Task details ::
Print out the data that follows exactly, character for character, apart from the pictures.

Free-text object descriptions ::
=======
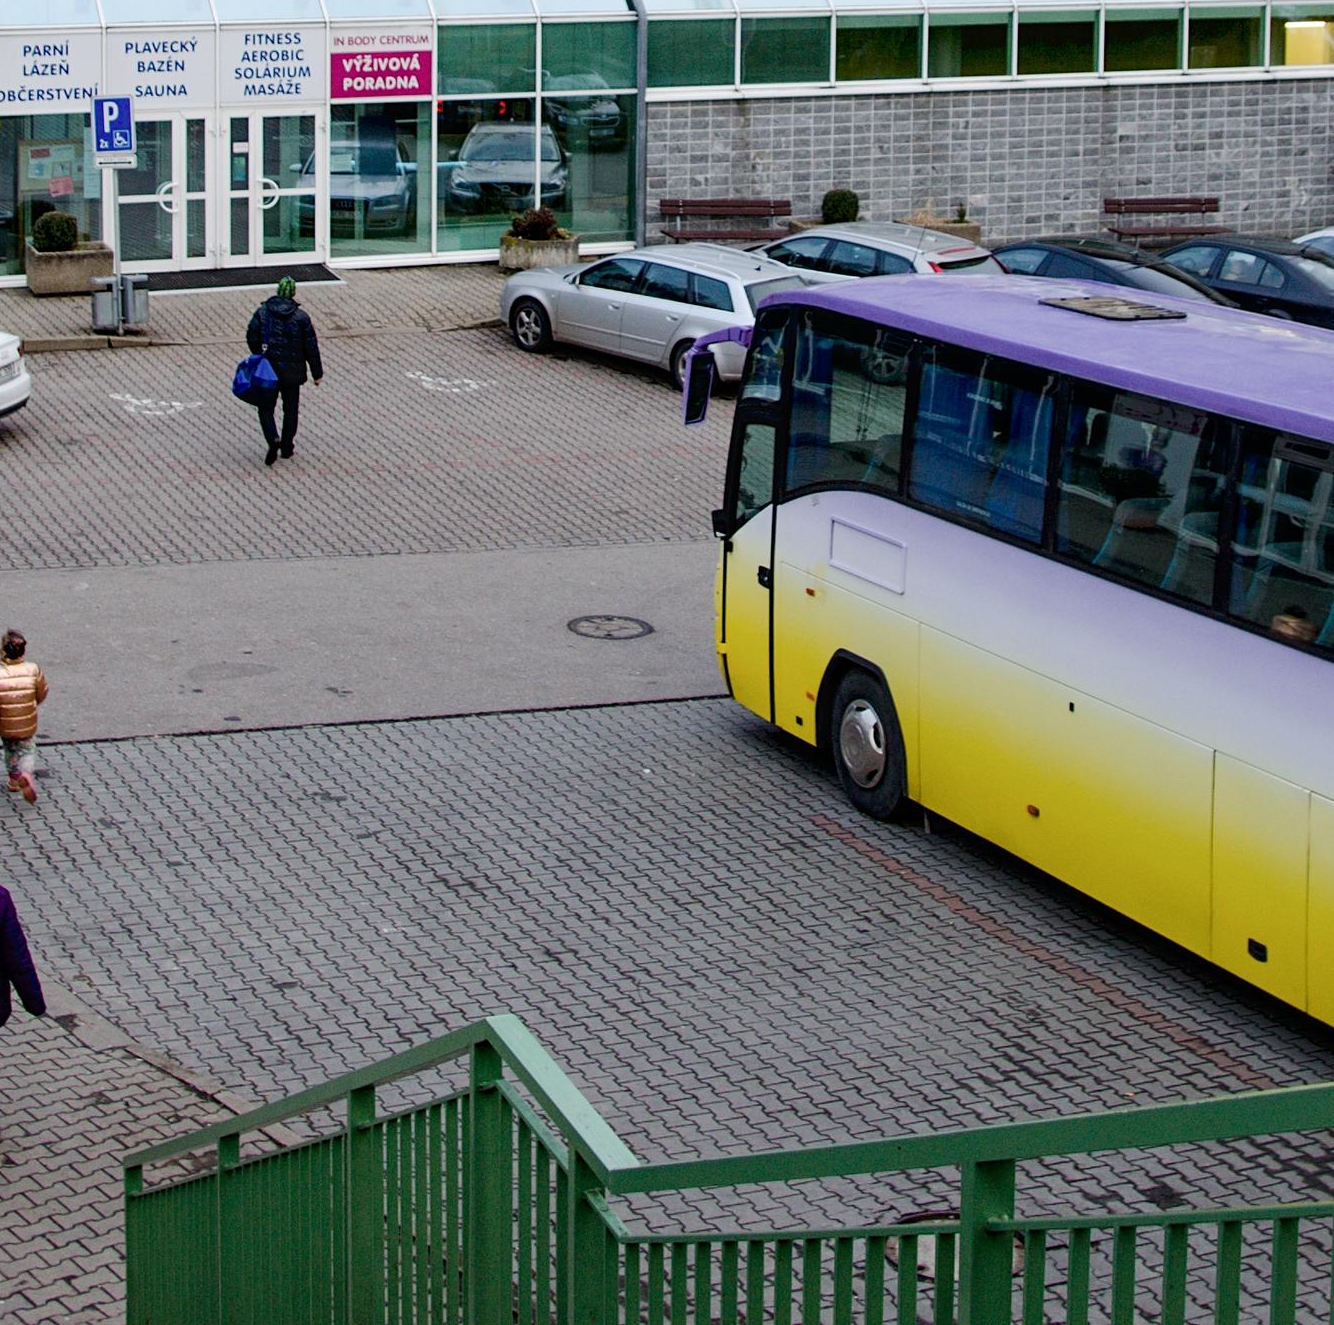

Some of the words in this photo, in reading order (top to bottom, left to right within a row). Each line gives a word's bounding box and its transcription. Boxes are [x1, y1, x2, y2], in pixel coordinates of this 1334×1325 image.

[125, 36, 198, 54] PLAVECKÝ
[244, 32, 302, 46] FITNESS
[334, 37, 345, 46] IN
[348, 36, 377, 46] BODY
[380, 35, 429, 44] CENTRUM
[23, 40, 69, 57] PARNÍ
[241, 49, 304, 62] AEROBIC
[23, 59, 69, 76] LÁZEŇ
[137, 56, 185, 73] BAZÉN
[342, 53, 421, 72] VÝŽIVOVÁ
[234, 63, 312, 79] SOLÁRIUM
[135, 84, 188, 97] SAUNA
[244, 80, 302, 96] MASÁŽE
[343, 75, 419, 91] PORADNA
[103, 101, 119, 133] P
=======
Solved exercise ::
Some of the words in this photo, in reading order (top to bottom, left to right within a row). Each line gives a word's bounding box and its transcription. Boxes are [x1, y1, x2, y2], in pixel coordinates of this 1334×1325 image.

[125, 36, 198, 54] PLAVECKÝ
[244, 32, 302, 46] FITNESS
[334, 37, 345, 46] IN
[348, 36, 377, 46] BODY
[380, 35, 429, 44] CENTRUM
[23, 40, 69, 57] PARNÍ
[241, 49, 304, 62] AEROBIC
[23, 59, 69, 76] LÁZEŇ
[137, 56, 185, 73] BAZÉN
[342, 53, 421, 72] VÝŽIVOVÁ
[234, 63, 312, 79] SOLÁRIUM
[135, 84, 188, 97] SAUNA
[244, 80, 302, 96] MASÁŽE
[343, 75, 419, 91] PORADNA
[103, 101, 119, 133] P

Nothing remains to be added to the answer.